* Directions *
Please print the records below exactly as they are written.

Dataset entries
══════════════════════════════

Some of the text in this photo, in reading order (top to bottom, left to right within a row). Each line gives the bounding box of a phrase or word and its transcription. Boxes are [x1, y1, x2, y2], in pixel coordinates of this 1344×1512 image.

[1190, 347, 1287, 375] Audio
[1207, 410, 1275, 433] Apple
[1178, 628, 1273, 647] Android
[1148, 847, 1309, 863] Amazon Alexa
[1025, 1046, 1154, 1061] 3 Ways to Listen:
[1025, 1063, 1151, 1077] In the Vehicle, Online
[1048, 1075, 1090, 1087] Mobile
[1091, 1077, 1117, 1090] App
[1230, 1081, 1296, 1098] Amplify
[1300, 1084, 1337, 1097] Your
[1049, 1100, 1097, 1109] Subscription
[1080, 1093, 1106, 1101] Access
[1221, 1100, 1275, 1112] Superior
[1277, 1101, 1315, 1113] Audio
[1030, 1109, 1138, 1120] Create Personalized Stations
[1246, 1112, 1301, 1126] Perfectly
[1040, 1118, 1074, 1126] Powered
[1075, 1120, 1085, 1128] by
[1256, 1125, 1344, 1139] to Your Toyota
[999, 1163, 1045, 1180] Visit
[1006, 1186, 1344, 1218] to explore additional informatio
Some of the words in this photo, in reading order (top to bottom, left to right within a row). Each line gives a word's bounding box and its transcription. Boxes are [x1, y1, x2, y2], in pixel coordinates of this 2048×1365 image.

══════════════════════════════

* Result below *
Some of the text in this photo, in reading order (top to bottom, left to right within a row). Each line gives the bounding box of a phrase or word and its transcription. Boxes are [x1, y1, x2, y2], in pixel coordinates of this 1344×1512 image.

[1190, 347, 1287, 375] Audio
[1207, 410, 1275, 433] Apple
[1178, 628, 1273, 647] Android
[1148, 847, 1309, 863] Amazon Alexa
[1025, 1046, 1154, 1061] 3 Ways to Listen:
[1025, 1063, 1151, 1077] In the Vehicle, Online
[1048, 1075, 1090, 1087] Mobile
[1091, 1077, 1117, 1090] App
[1230, 1081, 1296, 1098] Amplify
[1300, 1084, 1337, 1097] Your
[1049, 1100, 1097, 1109] Subscription
[1080, 1093, 1106, 1101] Access
[1221, 1100, 1275, 1112] Superior
[1277, 1101, 1315, 1113] Audio
[1030, 1109, 1138, 1120] Create Personalized Stations
[1246, 1112, 1301, 1126] Perfectly
[1040, 1118, 1074, 1126] Powered
[1075, 1120, 1085, 1128] by
[1256, 1125, 1344, 1139] to Your Toyota
[999, 1163, 1045, 1180] Visit
[1006, 1186, 1344, 1218] to explore additional informatio
Some of the words in this photo, in reading order (top to bottom, left to right within a row). Each line gives a word's bounding box and its transcription. Boxes are [x1, y1, x2, y2], in pixel coordinates of this 2048×1365 image.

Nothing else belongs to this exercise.